Gurney abrió el mensaje de correo y lo examinó brevemente hasta que llegó a la cita de Vallory:
No hay en la Tierra una mujer casta. No hay pureza en ella. Su aspecto, su discurso y su corazón nunca cantan al mismo tiempo. Parece una cosa y parece la otra, y todo es apariencia. Con escurridizos aceites y polvos brillantes colorea sus oscuros dibujos y se pinta encima un retrato que podríamos amar. Pero ¿dónde está el corazón sincero que con una sola nota pulsa su verdadero contenido? ¡Qué vergüenza! No le pidas música pura, directa y sincera. La pureza no forma parte de ella.

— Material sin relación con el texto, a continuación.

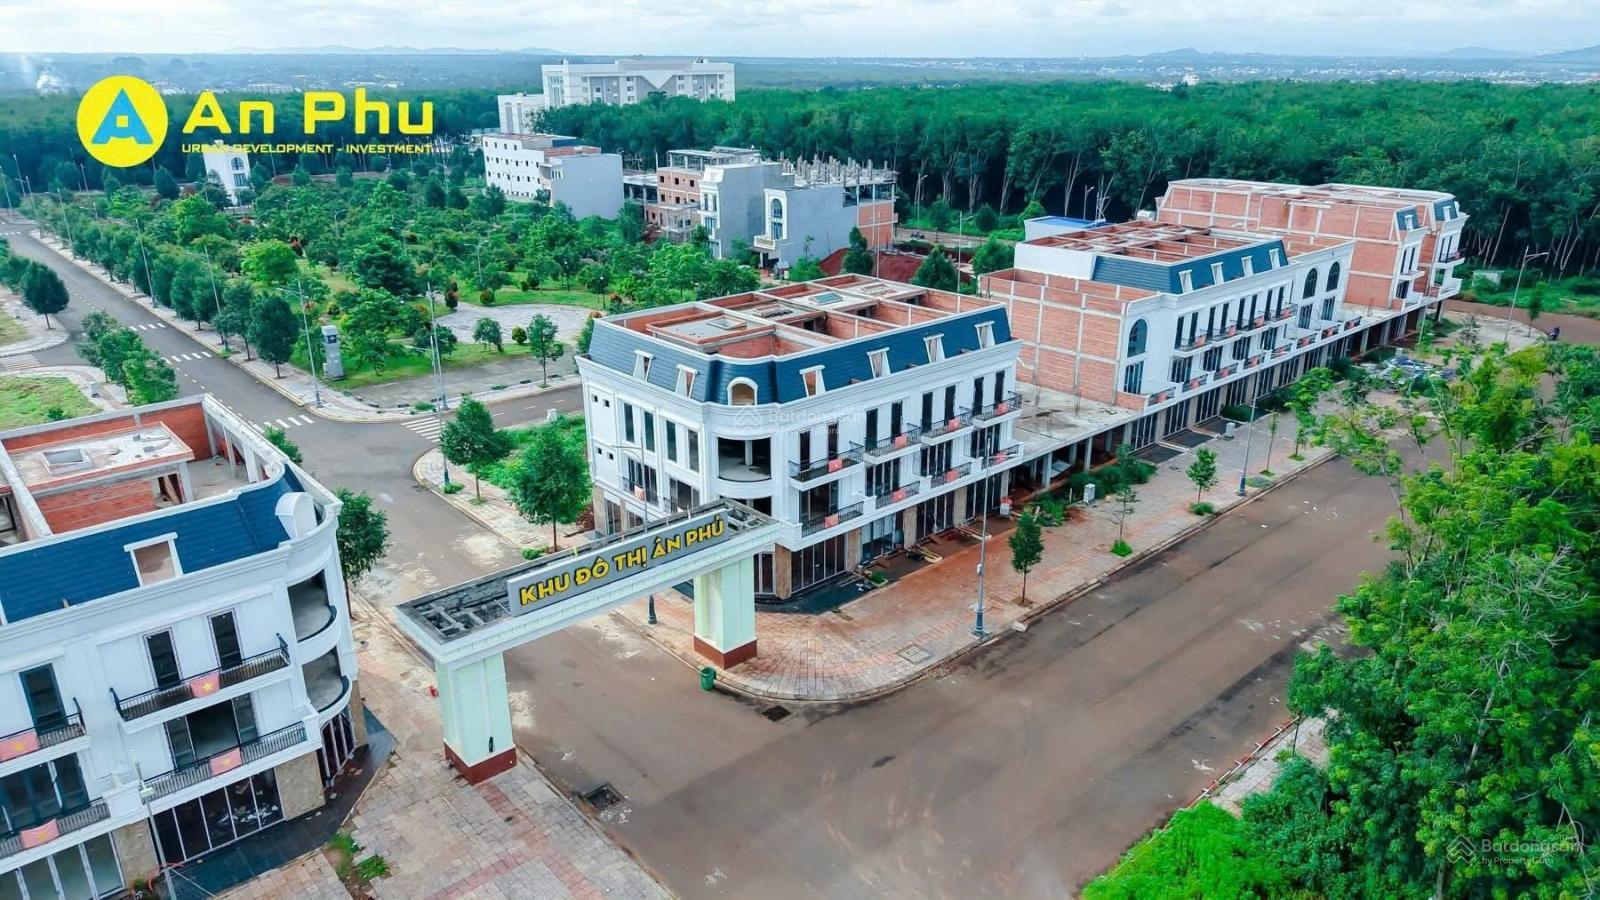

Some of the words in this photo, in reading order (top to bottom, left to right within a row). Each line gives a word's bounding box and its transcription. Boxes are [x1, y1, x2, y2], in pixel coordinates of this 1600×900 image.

Su corazón de serpiente saca todas sus artimañas de la serpiente del Edén para poder escupir sobre todos los hombres una baba de mentiras y artimañas.

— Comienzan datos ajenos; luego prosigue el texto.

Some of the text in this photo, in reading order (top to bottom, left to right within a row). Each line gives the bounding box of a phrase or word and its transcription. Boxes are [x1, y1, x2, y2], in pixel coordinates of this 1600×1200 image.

Gurney lo leyó varias veces, tratando de absorber el significado y el propósito.
Era el prólogo de una obra sobre un hombre que mató a su propia madre. Había sido escrito siglos antes por un dramaturgo famoso por su odio a las mujeres. Su nombre estaba adjunto al mensaje de texto enviado desde el móvil de Héctor a Jillian la mañana en que la mataron y en el que Ashton había recibido hacía solo dos días. Un mensaje de texto que simplemente decía: «Por todas las razones que he escrito».
Y las razones que daba en su único escrito conservado se resumían en esto: las mujeres son criaturas impuras, seductoras, arteras, satánicas, que escupen como monstruos una baba de mentiras y artimañas. Cuanto más leía las palabras, más sentía en ellas una pesadilla sexual retorcida.

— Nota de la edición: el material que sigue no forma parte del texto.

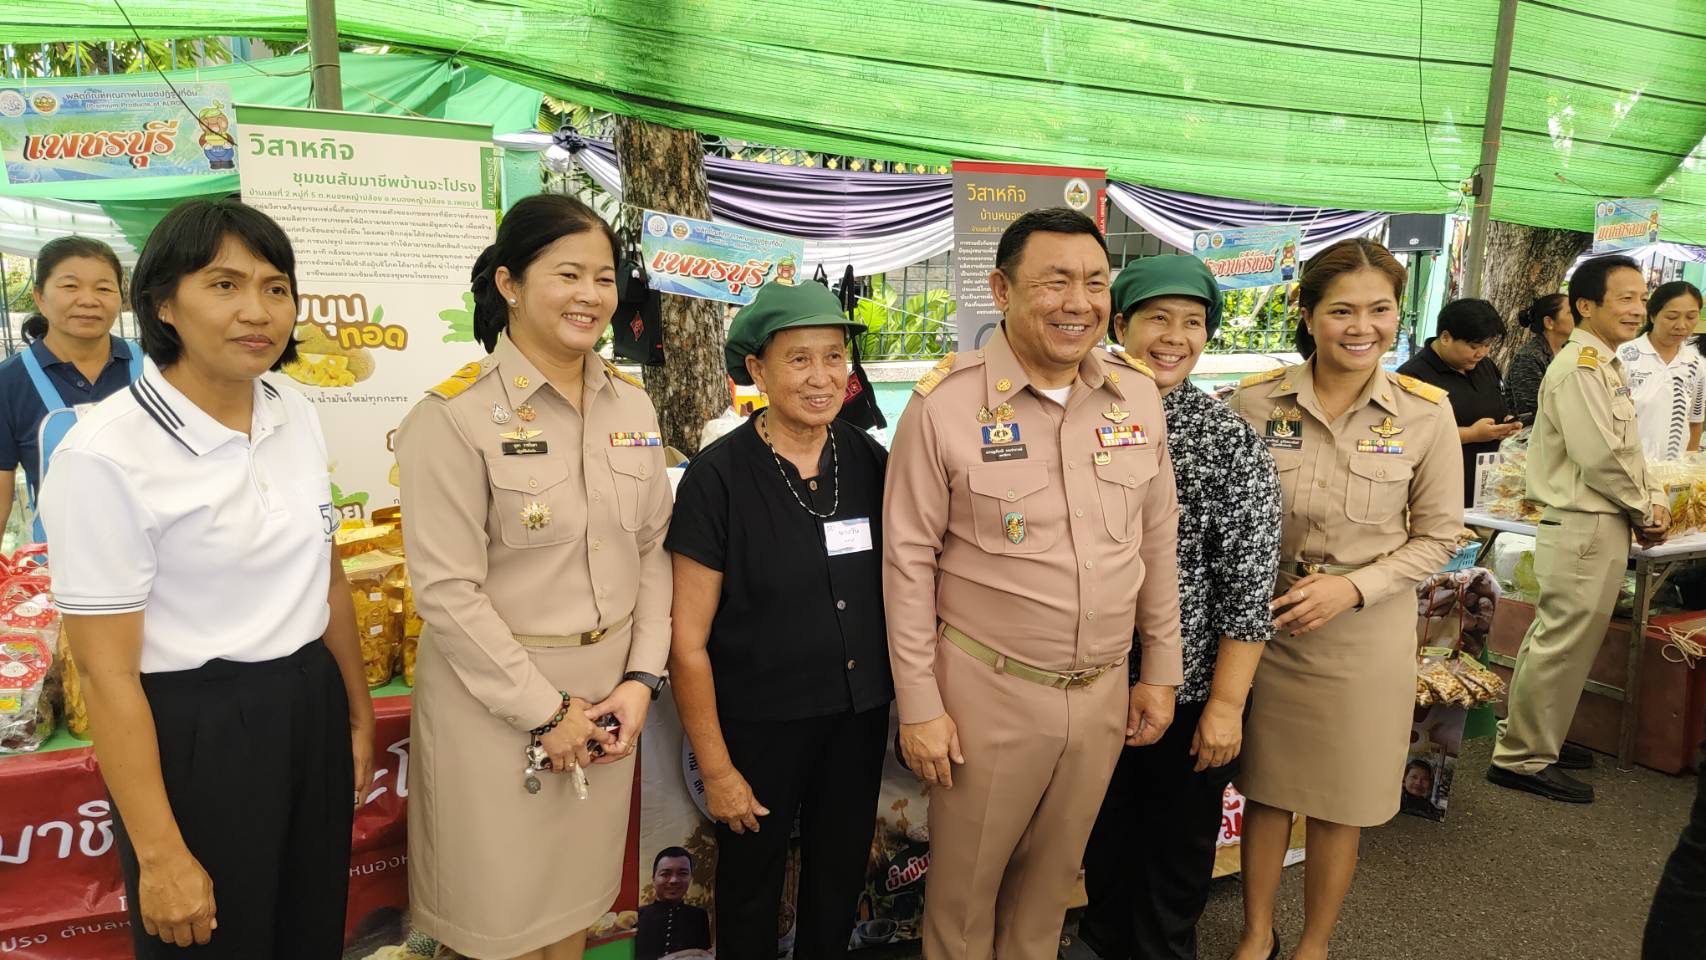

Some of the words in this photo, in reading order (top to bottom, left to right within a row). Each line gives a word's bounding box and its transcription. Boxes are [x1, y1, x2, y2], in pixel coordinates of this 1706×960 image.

[25, 120, 178, 168] เพชรบุรี
[248, 132, 355, 161] วิสาหกิจ
[293, 170, 477, 193] ชุมชนสัมมาชีพบ้านจะโปรง
[966, 183, 1027, 203] วิสาหกิจ
[652, 249, 771, 295] เพชรบุรี
[339, 325, 407, 349] ทอด

Gurney se enorgullecía de su precaución, de su equilibrio, pero era difícil no concluir que la cita constituía una justificación demente del asesinato de Jillian Perry. Y posiblemente también de otros asesinatos, de asesinatos pasados… ¿y quizá de algunos por llegar?
Por supuesto, no había nada seguro en ello. Ninguna forma de probar que Edward Vallory, el misógino declarado del siglo
XVII
, era el Edward Vallory cuyo nombre era apropiado para Héctor Flores, aunque el hecho de que los mensajes procedieran del móvil de Flores lo convertía en una hipótesis justa.
Todo parecía encajar, tener un sentido terrible. El prólogo de Vallory ofrecía la primera hipótesis de un móvil que no se basaba por completo en la especulación. Para Gurney era un motivo que tenía el atractivo adicional de ser compatible con su propia sensación creciente de que el asesinato de Jillian estaba guiado por la venganza de ofensas sexuales pasadas, o suyas o de las estudiantes de Mapleshade en general. Además, que esa semana le hubieran mandado el mensaje a Scott Ashton apoyaba la idea de que aquel asesinato formaba parte de una empresa compleja, una empresa que, al parecer, continuaba.
Quizá Gurney estaba sacando demasiadas conclusiones, pero de repente se le ocurrió que el hecho de que el fragmento que había sobrevivido de la obra de Vallory fuera el prólogo podría tener un significado más que accidental. Además de ser el prólogo de un drama perdido, ¿podría ser el prólogo de sucesos futuros, una pista de asesinatos por llegar? Exactamente, ¿cuánto les estaba contando Héctor Flores?
Pulsó el botón de responder en el mensaje de correo de Peggy Meeker y le preguntó: «¿Qué más hay sobre la obra? ¿Argumento? ¿Personajes? ¿Ha sobrevivido algún comentario de coetáneos de Vallory?».
Por primera vez en el caso, Gurney sentía una excitación innegable, unas ganas irresistibles de llamar a Sheridan Kline con la esperanza de que aún estuviera en la oficina.